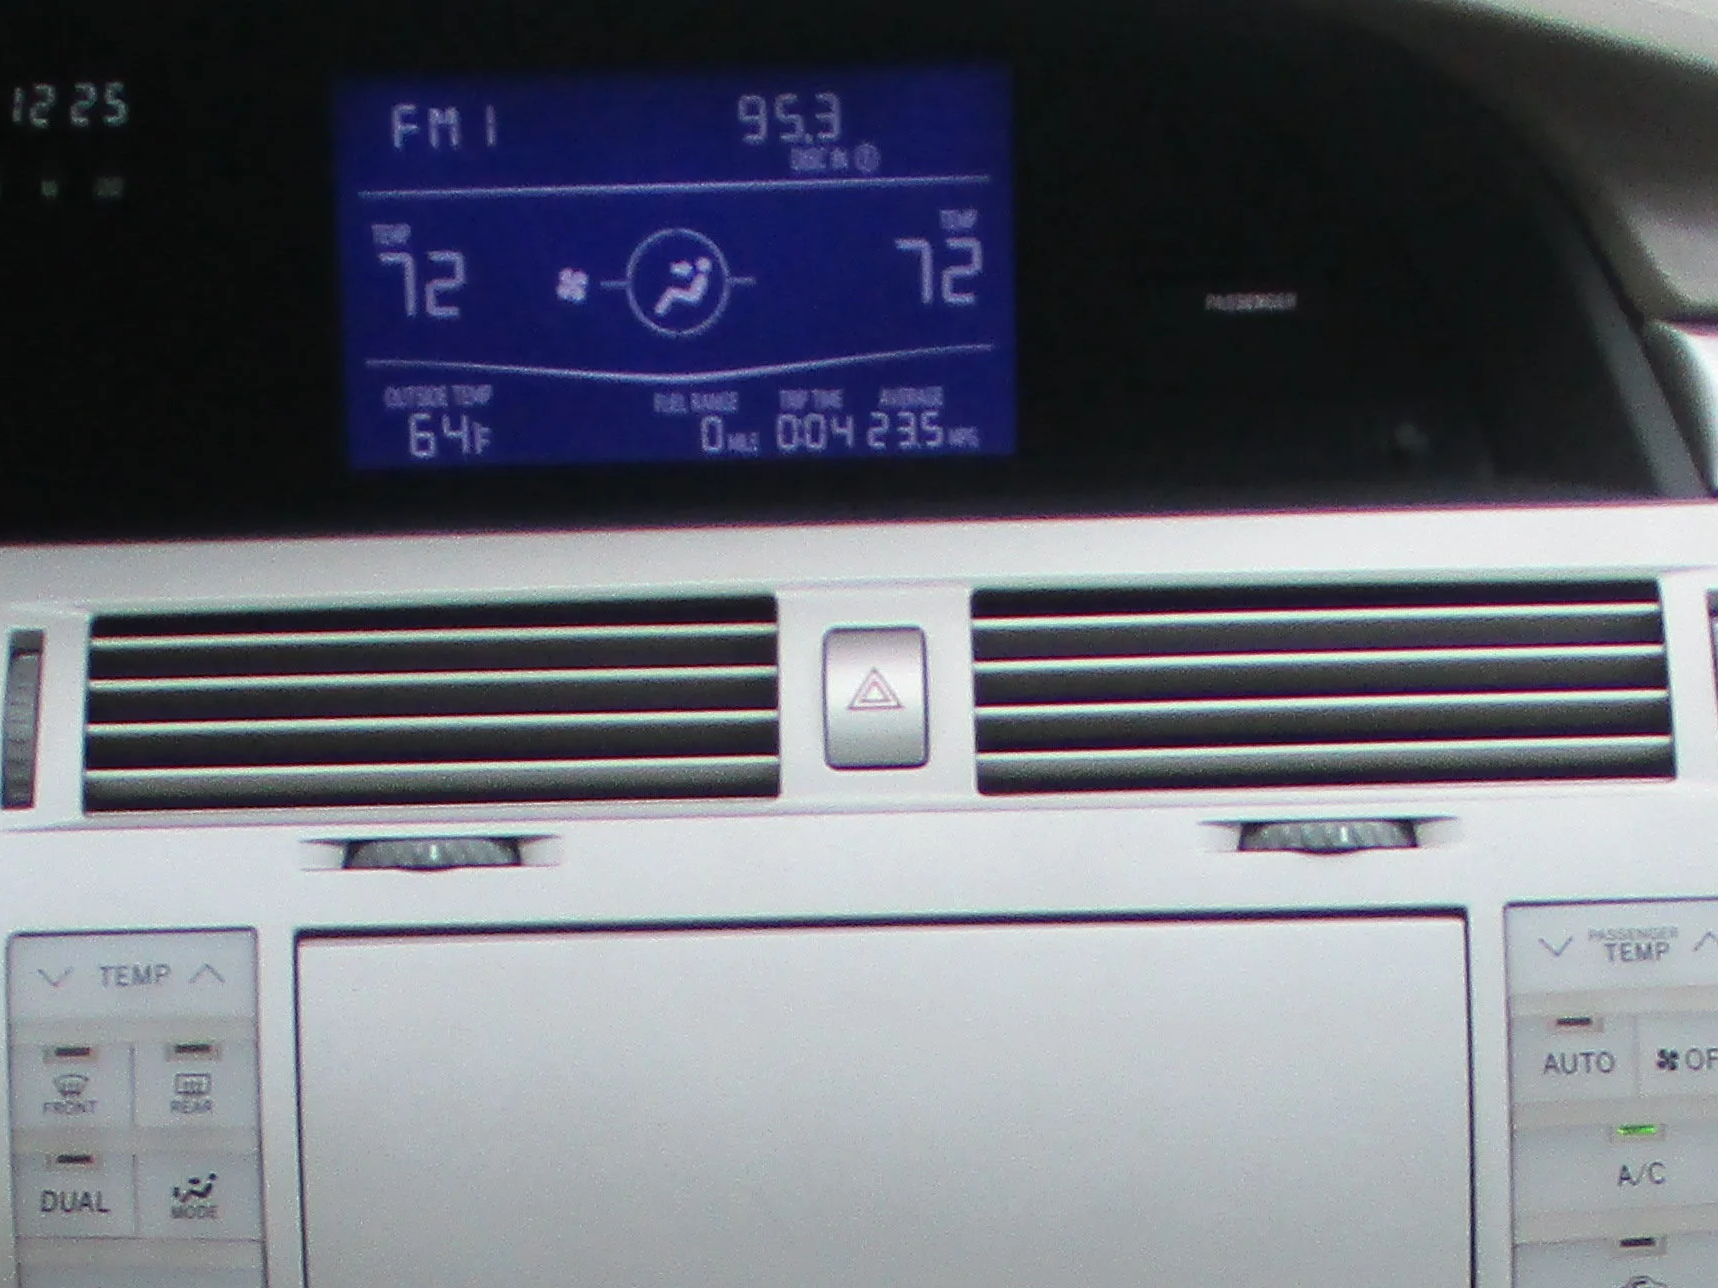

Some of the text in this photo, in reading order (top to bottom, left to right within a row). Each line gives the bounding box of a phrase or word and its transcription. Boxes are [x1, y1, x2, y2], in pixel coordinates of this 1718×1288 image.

[738, 92, 841, 145] 95.3
[895, 237, 984, 305] 72
[378, 250, 467, 321] 72
[1588, 925, 1679, 941] PASSENGER
[1603, 941, 1671, 963] TEMP
[100, 963, 171, 988] TEMP
[1542, 1051, 1616, 1075] AUTO
[42, 1099, 99, 1116] FRONT
[169, 1099, 214, 1115] REAR
[1616, 1161, 1667, 1186] A/C
[40, 1189, 112, 1214] DUAL
[170, 1204, 219, 1220] MODE
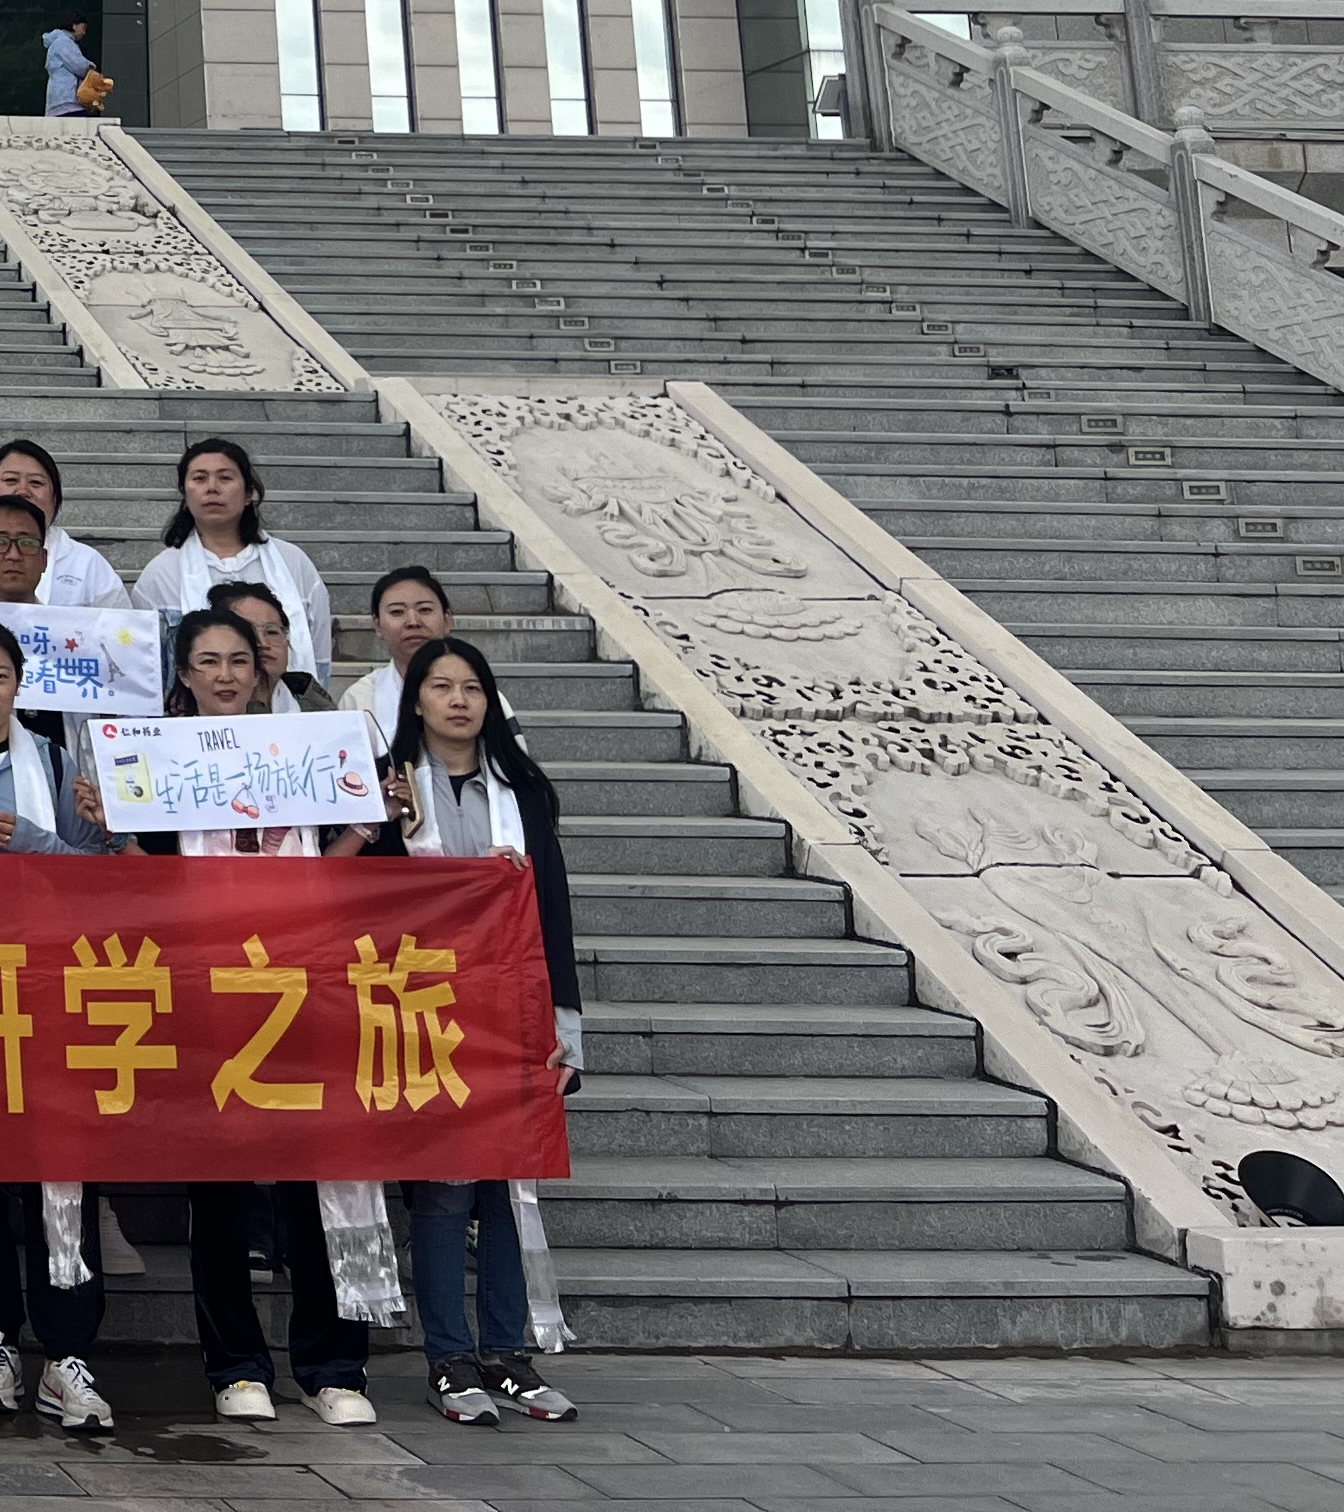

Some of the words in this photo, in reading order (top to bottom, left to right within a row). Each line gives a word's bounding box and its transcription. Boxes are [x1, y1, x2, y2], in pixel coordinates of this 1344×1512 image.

[121, 726, 163, 738] 仁和药业
[197, 727, 241, 753] TRAVEL
[155, 744, 338, 815] 生活是一场旅行
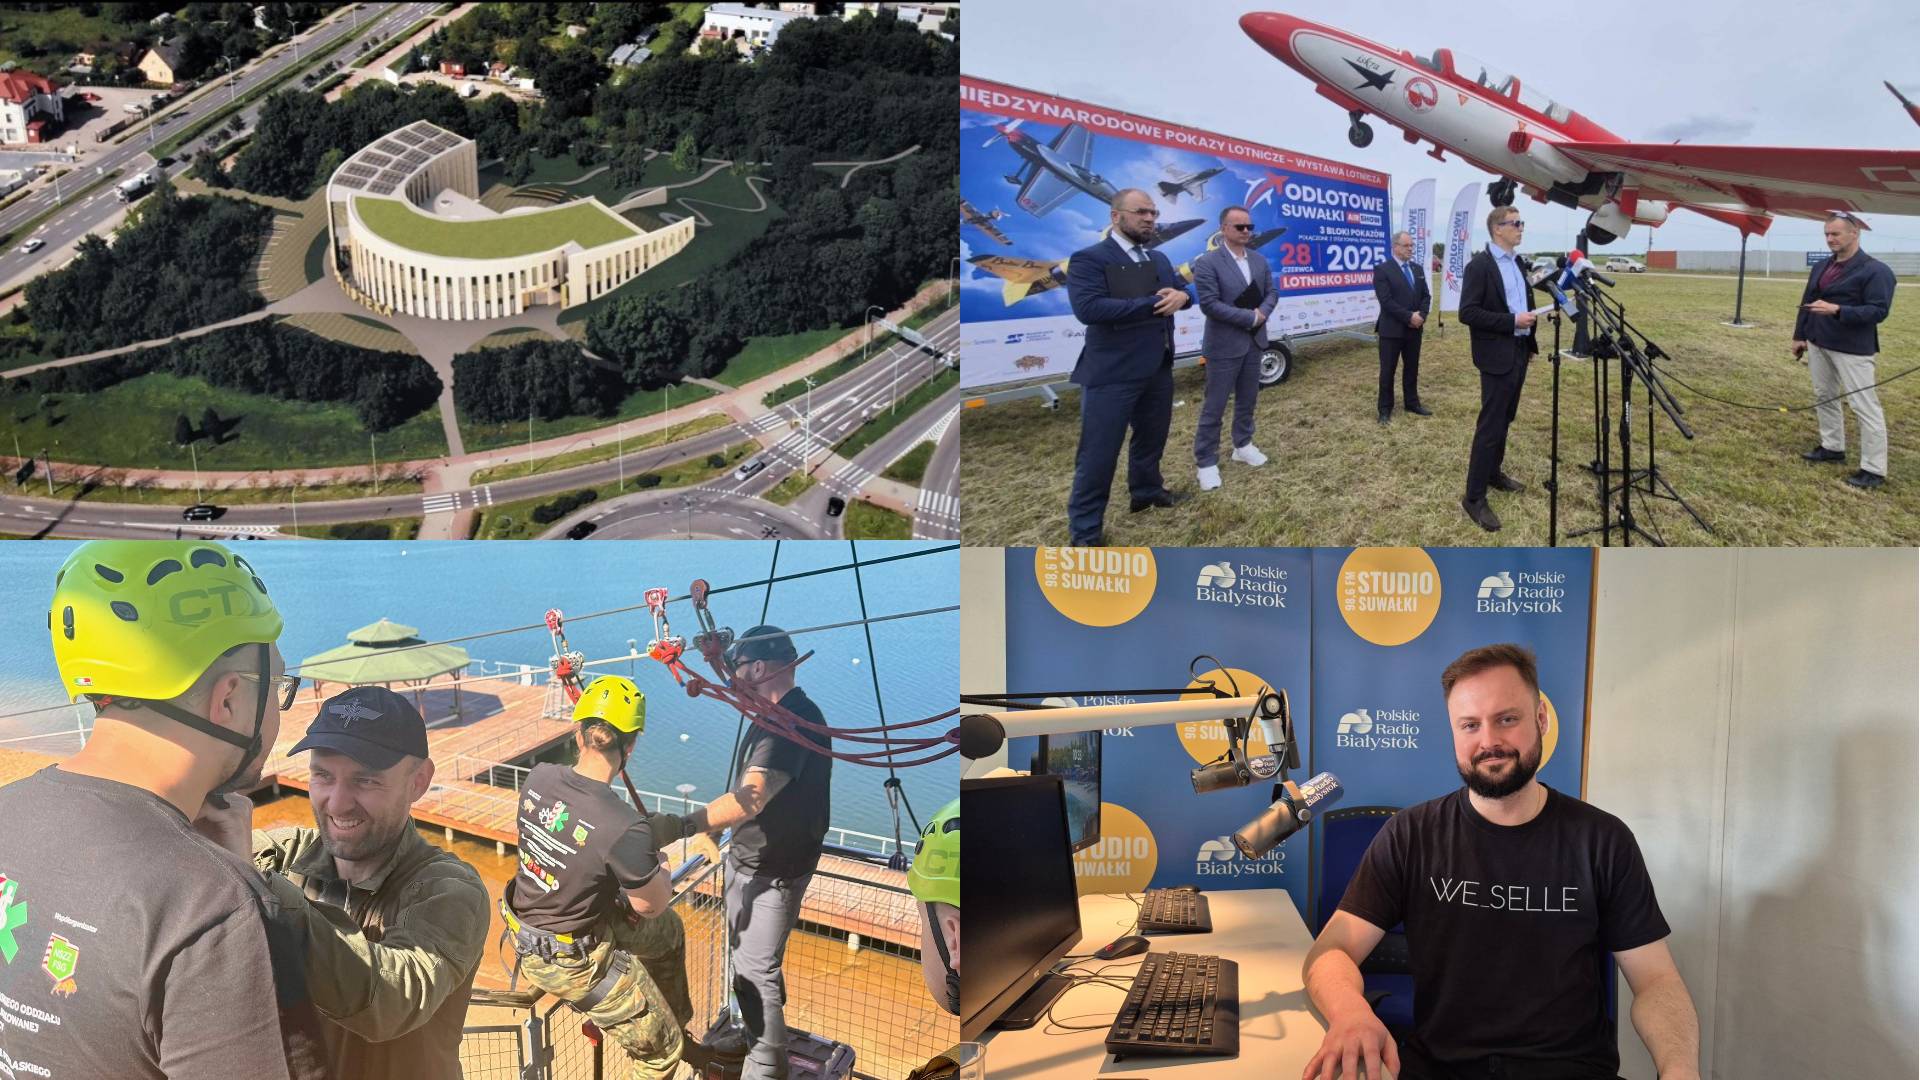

---

Description of the task:
Pictures aside, repeat every line of the data above exactly.

Solved exercise:
Some of the text in this photo, in reading order (top to bottom, left to right within a row). Each line gives the bounding box of a phrase or word and its transcription. Boxes are [x1, y1, x2, y2], in pixel coordinates of this 1718×1288 image.

[738, 92, 841, 145] 95.3
[895, 237, 984, 305] 72
[378, 250, 467, 321] 72
[1588, 925, 1679, 941] PASSENGER
[1603, 941, 1671, 963] TEMP
[100, 963, 171, 988] TEMP
[1542, 1051, 1616, 1075] AUTO
[42, 1099, 99, 1116] FRONT
[169, 1099, 214, 1115] REAR
[1616, 1161, 1667, 1186] A/C
[40, 1189, 112, 1214] DUAL
[170, 1204, 219, 1220] MODE

Some of the words in this photo, in reading order (top to bottom, left to right within a row). Each line gives a word's bounding box and its transcription. Boxes are [x1, y1, x2, y2], in pixel coordinates of this 1344×1512 image.

[121, 726, 163, 738] 仁和药业
[197, 727, 241, 753] TRAVEL
[155, 744, 338, 815] 生活是一场旅行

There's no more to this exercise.